● AIM OF THE EXERCISE
The answer must be an exact copy of every record.

● DATA LISTING

☆ ☆ ☆ ☆ ☆

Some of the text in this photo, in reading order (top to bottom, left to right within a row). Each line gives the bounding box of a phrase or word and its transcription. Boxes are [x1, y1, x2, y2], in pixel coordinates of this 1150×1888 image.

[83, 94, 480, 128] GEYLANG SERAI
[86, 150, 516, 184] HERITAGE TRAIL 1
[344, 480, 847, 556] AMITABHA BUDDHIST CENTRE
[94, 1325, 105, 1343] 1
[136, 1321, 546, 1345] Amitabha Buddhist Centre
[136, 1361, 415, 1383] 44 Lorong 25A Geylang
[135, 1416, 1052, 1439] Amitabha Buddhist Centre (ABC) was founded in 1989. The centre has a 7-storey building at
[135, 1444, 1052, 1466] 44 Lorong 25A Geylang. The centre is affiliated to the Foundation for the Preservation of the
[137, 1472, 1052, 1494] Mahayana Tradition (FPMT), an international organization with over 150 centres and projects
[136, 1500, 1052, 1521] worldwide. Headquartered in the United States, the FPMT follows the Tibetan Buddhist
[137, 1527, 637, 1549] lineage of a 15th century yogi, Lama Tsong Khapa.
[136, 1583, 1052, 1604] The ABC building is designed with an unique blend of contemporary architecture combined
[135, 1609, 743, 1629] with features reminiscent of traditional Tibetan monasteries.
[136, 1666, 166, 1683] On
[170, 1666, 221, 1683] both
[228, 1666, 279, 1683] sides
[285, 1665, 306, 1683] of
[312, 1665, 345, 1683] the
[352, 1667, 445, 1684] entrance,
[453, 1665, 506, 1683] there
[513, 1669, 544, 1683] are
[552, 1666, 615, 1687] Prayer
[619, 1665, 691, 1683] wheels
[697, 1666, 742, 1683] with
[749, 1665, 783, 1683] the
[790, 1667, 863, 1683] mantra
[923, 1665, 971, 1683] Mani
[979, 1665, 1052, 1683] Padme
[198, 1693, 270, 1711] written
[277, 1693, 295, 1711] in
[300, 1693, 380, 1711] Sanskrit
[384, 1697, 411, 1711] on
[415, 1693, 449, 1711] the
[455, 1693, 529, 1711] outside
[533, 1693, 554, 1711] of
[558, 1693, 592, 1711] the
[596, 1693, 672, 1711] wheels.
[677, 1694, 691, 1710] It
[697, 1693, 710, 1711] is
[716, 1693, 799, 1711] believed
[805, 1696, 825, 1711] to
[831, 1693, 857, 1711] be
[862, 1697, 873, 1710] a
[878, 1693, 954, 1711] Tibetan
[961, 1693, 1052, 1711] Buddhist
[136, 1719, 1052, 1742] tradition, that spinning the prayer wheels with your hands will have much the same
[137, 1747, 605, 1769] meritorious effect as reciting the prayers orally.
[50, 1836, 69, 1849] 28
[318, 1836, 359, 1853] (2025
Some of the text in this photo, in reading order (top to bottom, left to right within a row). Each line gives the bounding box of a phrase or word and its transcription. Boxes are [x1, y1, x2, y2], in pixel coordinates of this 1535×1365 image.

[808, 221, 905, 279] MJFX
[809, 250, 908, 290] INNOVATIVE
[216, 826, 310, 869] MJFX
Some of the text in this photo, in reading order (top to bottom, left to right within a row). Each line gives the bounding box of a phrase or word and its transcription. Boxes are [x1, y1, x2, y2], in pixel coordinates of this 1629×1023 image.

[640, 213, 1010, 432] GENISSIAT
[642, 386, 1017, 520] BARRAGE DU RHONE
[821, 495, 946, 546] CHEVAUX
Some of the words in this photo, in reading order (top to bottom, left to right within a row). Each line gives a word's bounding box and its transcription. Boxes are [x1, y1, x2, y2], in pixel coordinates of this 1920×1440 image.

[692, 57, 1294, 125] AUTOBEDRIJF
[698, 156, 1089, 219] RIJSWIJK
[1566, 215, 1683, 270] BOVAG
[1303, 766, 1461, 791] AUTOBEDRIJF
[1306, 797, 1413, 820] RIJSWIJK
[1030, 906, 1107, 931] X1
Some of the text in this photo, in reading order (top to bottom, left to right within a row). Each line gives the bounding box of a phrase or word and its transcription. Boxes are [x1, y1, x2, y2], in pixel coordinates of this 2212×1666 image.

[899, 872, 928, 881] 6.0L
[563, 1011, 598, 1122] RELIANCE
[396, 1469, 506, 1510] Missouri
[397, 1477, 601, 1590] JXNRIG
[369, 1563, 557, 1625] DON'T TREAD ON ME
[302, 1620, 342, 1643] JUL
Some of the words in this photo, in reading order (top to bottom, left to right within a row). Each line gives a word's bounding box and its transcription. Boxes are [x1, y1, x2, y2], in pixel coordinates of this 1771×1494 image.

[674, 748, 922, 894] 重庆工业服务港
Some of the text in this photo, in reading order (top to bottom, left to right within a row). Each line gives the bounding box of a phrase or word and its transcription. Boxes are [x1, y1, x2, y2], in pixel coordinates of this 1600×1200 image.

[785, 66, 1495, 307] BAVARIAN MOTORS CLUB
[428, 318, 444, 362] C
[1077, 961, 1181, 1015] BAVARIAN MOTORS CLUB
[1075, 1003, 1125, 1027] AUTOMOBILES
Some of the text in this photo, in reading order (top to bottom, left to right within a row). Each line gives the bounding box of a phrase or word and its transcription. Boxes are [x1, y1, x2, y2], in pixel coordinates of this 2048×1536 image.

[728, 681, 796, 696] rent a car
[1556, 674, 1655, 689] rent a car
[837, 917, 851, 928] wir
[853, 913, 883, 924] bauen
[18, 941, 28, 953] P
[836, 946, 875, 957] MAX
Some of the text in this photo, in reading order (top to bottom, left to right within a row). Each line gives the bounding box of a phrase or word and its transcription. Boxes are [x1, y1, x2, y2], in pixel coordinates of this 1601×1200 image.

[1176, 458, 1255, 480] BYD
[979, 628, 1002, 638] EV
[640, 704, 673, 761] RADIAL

☆ ☆ ☆ ☆ ☆

● WRITTEN ANSWER
Some of the text in this photo, in reading order (top to bottom, left to right within a row). Each line gives the bounding box of a phrase or word and its transcription. Boxes are [x1, y1, x2, y2], in pixel coordinates of this 1150×1888 image.

[83, 94, 480, 128] GEYLANG SERAI
[86, 150, 516, 184] HERITAGE TRAIL 1
[344, 480, 847, 556] AMITABHA BUDDHIST CENTRE
[94, 1325, 105, 1343] 1
[136, 1321, 546, 1345] Amitabha Buddhist Centre
[136, 1361, 415, 1383] 44 Lorong 25A Geylang
[135, 1416, 1052, 1439] Amitabha Buddhist Centre (ABC) was founded in 1989. The centre has a 7-storey building at
[135, 1444, 1052, 1466] 44 Lorong 25A Geylang. The centre is affiliated to the Foundation for the Preservation of the
[137, 1472, 1052, 1494] Mahayana Tradition (FPMT), an international organization with over 150 centres and projects
[136, 1500, 1052, 1521] worldwide. Headquartered in the United States, the FPMT follows the Tibetan Buddhist
[137, 1527, 637, 1549] lineage of a 15th century yogi, Lama Tsong Khapa.
[136, 1583, 1052, 1604] The ABC building is designed with an unique blend of contemporary architecture combined
[135, 1609, 743, 1629] with features reminiscent of traditional Tibetan monasteries.
[136, 1666, 166, 1683] On
[170, 1666, 221, 1683] both
[228, 1666, 279, 1683] sides
[285, 1665, 306, 1683] of
[312, 1665, 345, 1683] the
[352, 1667, 445, 1684] entrance,
[453, 1665, 506, 1683] there
[513, 1669, 544, 1683] are
[552, 1666, 615, 1687] Prayer
[619, 1665, 691, 1683] wheels
[697, 1666, 742, 1683] with
[749, 1665, 783, 1683] the
[790, 1667, 863, 1683] mantra
[923, 1665, 971, 1683] Mani
[979, 1665, 1052, 1683] Padme
[198, 1693, 270, 1711] written
[277, 1693, 295, 1711] in
[300, 1693, 380, 1711] Sanskrit
[384, 1697, 411, 1711] on
[415, 1693, 449, 1711] the
[455, 1693, 529, 1711] outside
[533, 1693, 554, 1711] of
[558, 1693, 592, 1711] the
[596, 1693, 672, 1711] wheels.
[677, 1694, 691, 1710] It
[697, 1693, 710, 1711] is
[716, 1693, 799, 1711] believed
[805, 1696, 825, 1711] to
[831, 1693, 857, 1711] be
[862, 1697, 873, 1710] a
[878, 1693, 954, 1711] Tibetan
[961, 1693, 1052, 1711] Buddhist
[136, 1719, 1052, 1742] tradition, that spinning the prayer wheels with your hands will have much the same
[137, 1747, 605, 1769] meritorious effect as reciting the prayers orally.
[50, 1836, 69, 1849] 28
[318, 1836, 359, 1853] (2025
Some of the text in this photo, in reading order (top to bottom, left to right within a row). Each line gives the bounding box of a phrase or word and its transcription. Boxes are [x1, y1, x2, y2], in pixel coordinates of this 1535×1365 image.

[808, 221, 905, 279] MJFX
[809, 250, 908, 290] INNOVATIVE
[216, 826, 310, 869] MJFX
Some of the text in this photo, in reading order (top to bottom, left to right within a row). Each line gives the bounding box of a phrase or word and its transcription. Boxes are [x1, y1, x2, y2], in pixel coordinates of this 1629×1023 image.

[640, 213, 1010, 432] GENISSIAT
[642, 386, 1017, 520] BARRAGE DU RHONE
[821, 495, 946, 546] CHEVAUX
Some of the words in this photo, in reading order (top to bottom, left to right within a row). Each line gives a word's bounding box and its transcription. Boxes are [x1, y1, x2, y2], in pixel coordinates of this 1920×1440 image.

[692, 57, 1294, 125] AUTOBEDRIJF
[698, 156, 1089, 219] RIJSWIJK
[1566, 215, 1683, 270] BOVAG
[1303, 766, 1461, 791] AUTOBEDRIJF
[1306, 797, 1413, 820] RIJSWIJK
[1030, 906, 1107, 931] X1
Some of the text in this photo, in reading order (top to bottom, left to right within a row). Each line gives the bounding box of a phrase or word and its transcription. Boxes are [x1, y1, x2, y2], in pixel coordinates of this 2212×1666 image.

[899, 872, 928, 881] 6.0L
[563, 1011, 598, 1122] RELIANCE
[396, 1469, 506, 1510] Missouri
[397, 1477, 601, 1590] JXNRIG
[369, 1563, 557, 1625] DON'T TREAD ON ME
[302, 1620, 342, 1643] JUL
Some of the words in this photo, in reading order (top to bottom, left to right within a row). Each line gives a word's bounding box and its transcription. Boxes are [x1, y1, x2, y2], in pixel coordinates of this 1771×1494 image.

[674, 748, 922, 894] 重庆工业服务港
Some of the text in this photo, in reading order (top to bottom, left to right within a row). Each line gives the bounding box of a phrase or word and its transcription. Boxes are [x1, y1, x2, y2], in pixel coordinates of this 1600×1200 image.

[785, 66, 1495, 307] BAVARIAN MOTORS CLUB
[428, 318, 444, 362] C
[1077, 961, 1181, 1015] BAVARIAN MOTORS CLUB
[1075, 1003, 1125, 1027] AUTOMOBILES
Some of the text in this photo, in reading order (top to bottom, left to right within a row). Each line gives the bounding box of a phrase or word and its transcription. Boxes are [x1, y1, x2, y2], in pixel coordinates of this 2048×1536 image.

[728, 681, 796, 696] rent a car
[1556, 674, 1655, 689] rent a car
[837, 917, 851, 928] wir
[853, 913, 883, 924] bauen
[18, 941, 28, 953] P
[836, 946, 875, 957] MAX
Some of the text in this photo, in reading order (top to bottom, left to right within a row). Each line gives the bounding box of a phrase or word and its transcription. Boxes are [x1, y1, x2, y2], in pixel coordinates of this 1601×1200 image.

[1176, 458, 1255, 480] BYD
[979, 628, 1002, 638] EV
[640, 704, 673, 761] RADIAL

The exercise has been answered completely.